THREE DOCS REVIEWED: “Desert One,” “Red Penguins” and “Unsettled”
With the multiplexes shuttered, and the so-called event films on hold for months yet, it’s a boomtime for documentaries, which continue their march onto streaming platforms. Here are a few choice non-fiction flicks to keep an eye out for.
“Desert One”
It’s been four decades since Iranian students overran the U.S. Embassy in Tehran, beginning a hostage situation that would only end 444 days later—and mere moments after Ronald Reagan was sworn into office, as a parting shot by the ayatollah at the defeated Jimmy Carter.
That is well known, but the fascinating new documentary “Desert One,” from two-time Oscar winner Barbara Kopple (“American Dream,” “Harlan County U.S.A.”), spins a yarn about a U.S. special forces operation into the Iranian desert in an attempt to free the American hostages by force. The rescue effort ended in tragedy.
Soldiers, Foreign Service officers and politicians, including Carter himself, speak about the weeks leading up to the incursion, with military brass briefing the president on the chances for success, and Carter seemingly waffling and inept amid the crisis (though reviled by the electorate in 1980, Carter’s post-presidency is the stuff of legend). Since most of what is related by the talking heads who were there was never filmed, Kopple utilizes animation to show us the particulars of the military operation that, almost comically, came upon a busload of Iranians in the desert—which was only the beginning of problems that would scuttle not just the mission but result in many of the soldiers losing their lives.
Fascinating and inspiring, it’s a little-discussed chapter of a lengthy crisis situation that, forty-one years later, continues to hamper any chance at a reconciliation between the United States and the Islamic republic. But, in the end, as one former soldier, breaking down in tears before the camera, says in the film’s most poignant moments, at least, they tried (to be released on August 21st).
“Red Penguins”
Gabe Polsky returns to the scene of Russian ice hockey and its symbiotic relationship with the NHL. His “Red Army,” from 2014, was about Viacheslav Fetisov, who played on the losing side of the 1980 Miracle on Ice. Polsky widens the canvas now with “Red Penguins,” which covers the story of how the Pittsburgh Penguins, in one of Perestroika’s most unlikely chapters, formed a corporate partnership with the Red Army’s hockey team as the Soviet Union fell at long last. Gone was the evil empire, yes, but into its void came gangsters, hucksters and a Russian autocrat who continues to rule from Moscow even now.

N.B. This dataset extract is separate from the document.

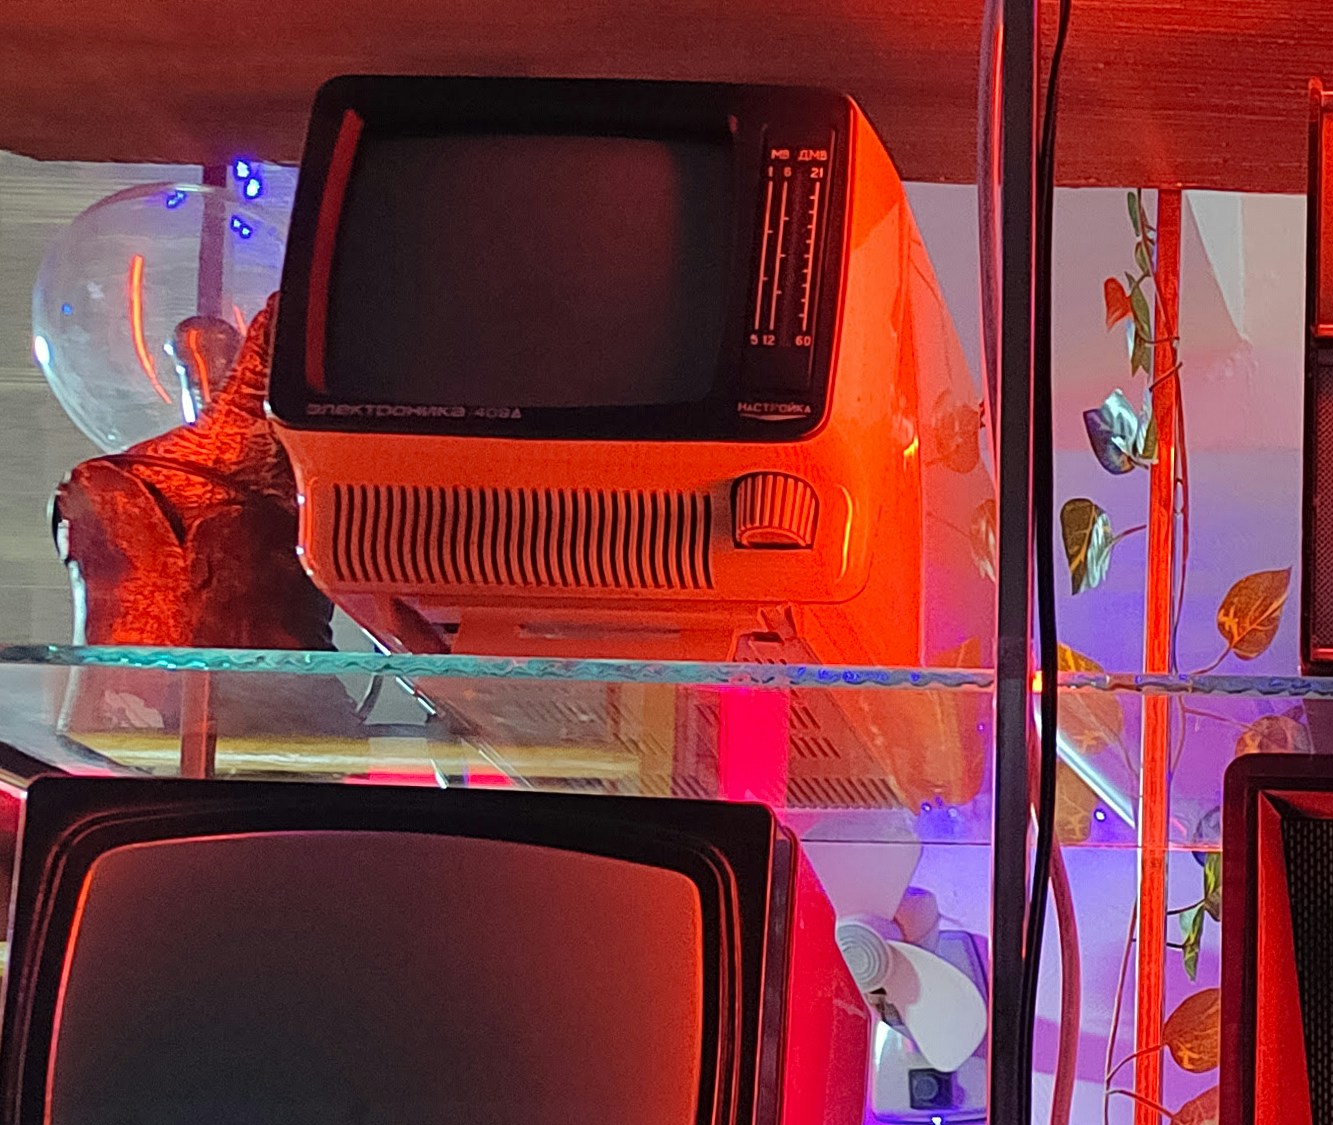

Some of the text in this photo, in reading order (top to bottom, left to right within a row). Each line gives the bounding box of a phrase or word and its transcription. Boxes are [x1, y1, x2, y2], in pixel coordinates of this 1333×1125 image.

[810, 167, 824, 178] 21
[795, 336, 811, 346] 60
[737, 402, 812, 413] НАСТРОЙКА
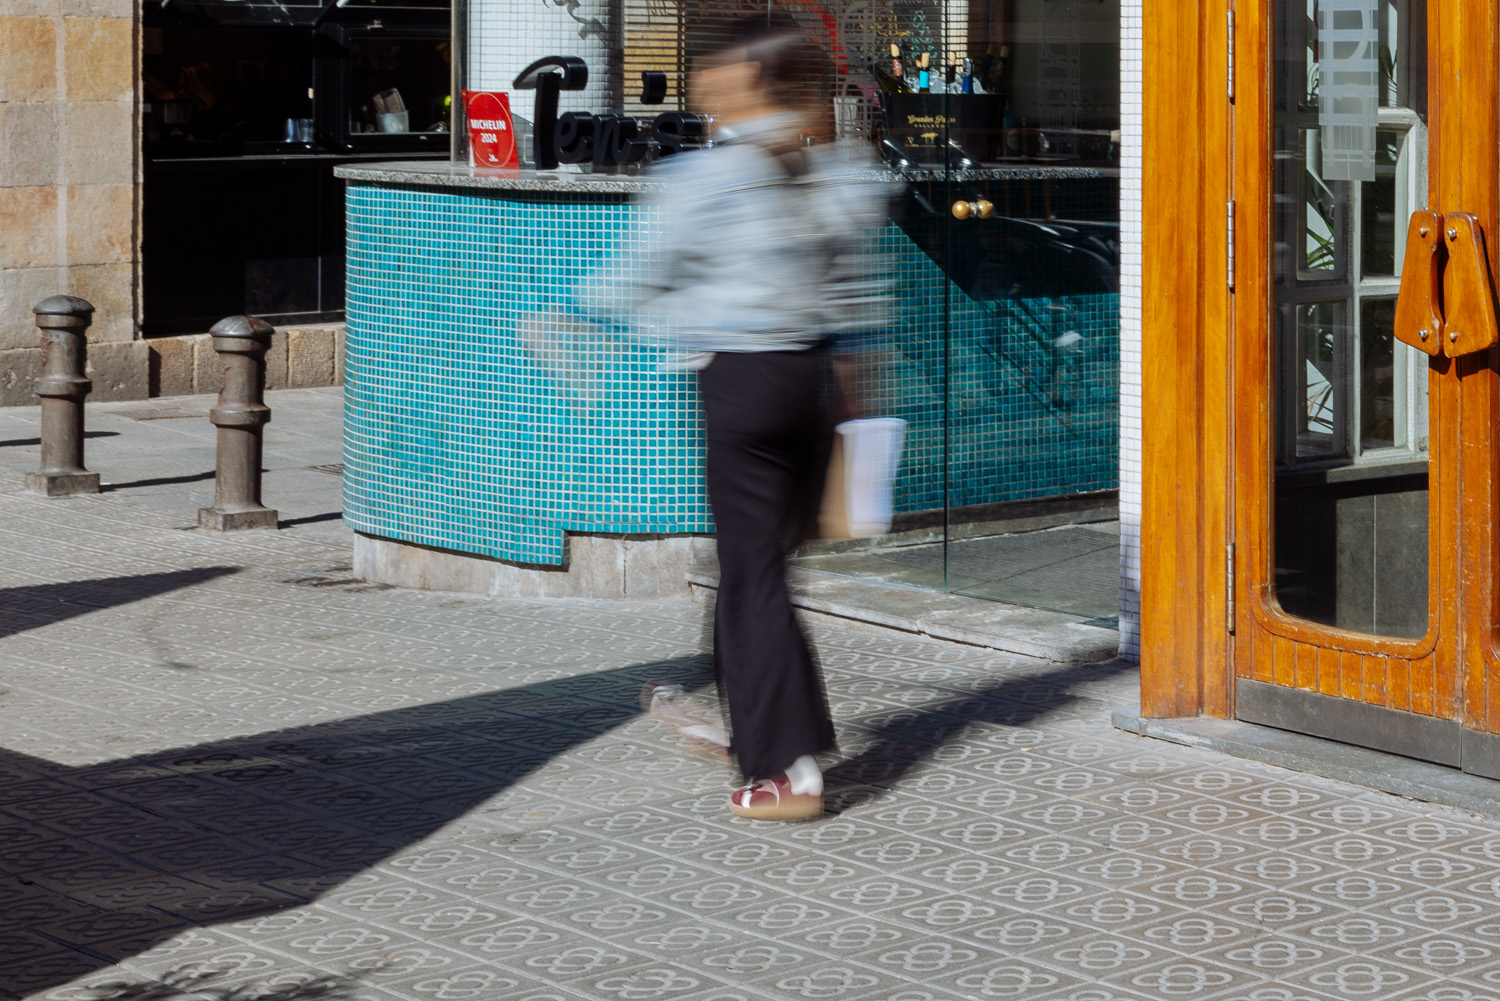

But a marketing guru named Steven Warshaw wasn’t about to let the newly-capitalistic Russia get by without bringing Russian players to the United States, where their brusque manner and prodigious drinking ran headlong into the “gentlemen’s” sport of hockey. Add to this crooks, dubious moneymen and mysterious assassinations, and you have a story that must be seen to be believed (comes out August 4th).
“Unsettled”
Director Tom Shepard’s camera follows around some of the most unlikely victims of the immigration crackdown by the current administration. From around the world, LGBTQ refugees have come to the United States from countries where their orientation puts them at risk of not just ostracization or bodily harm but the very real possibility of state-sanctioned murder. Many of Shepard’s subjects come to the San Francisco Bay Area, where finding a place to live is neither easy nor cheap, forcing many of them to move constantly from room to room as their legal status hangs in the balance.
Among his subjects is Subhi, a gay man from Syria who has escaped Islamic extremism but isn’t yet sure if the Land of Opportunity will welcome him as easily as he’s hoped. Then there are Cheyenne and Mari, a lesbian couple from Angola trying to navigate the labyrinthine American legal system to achieve residency. (A note to those who think immigration to this country is easy: It’s not.)
“Unsettled” puts the focus on an underrepresented segment of the immigration debate, who flee persecution to the Promised Land at a time when it is run by an immigrant-despising regime, but where else can they go?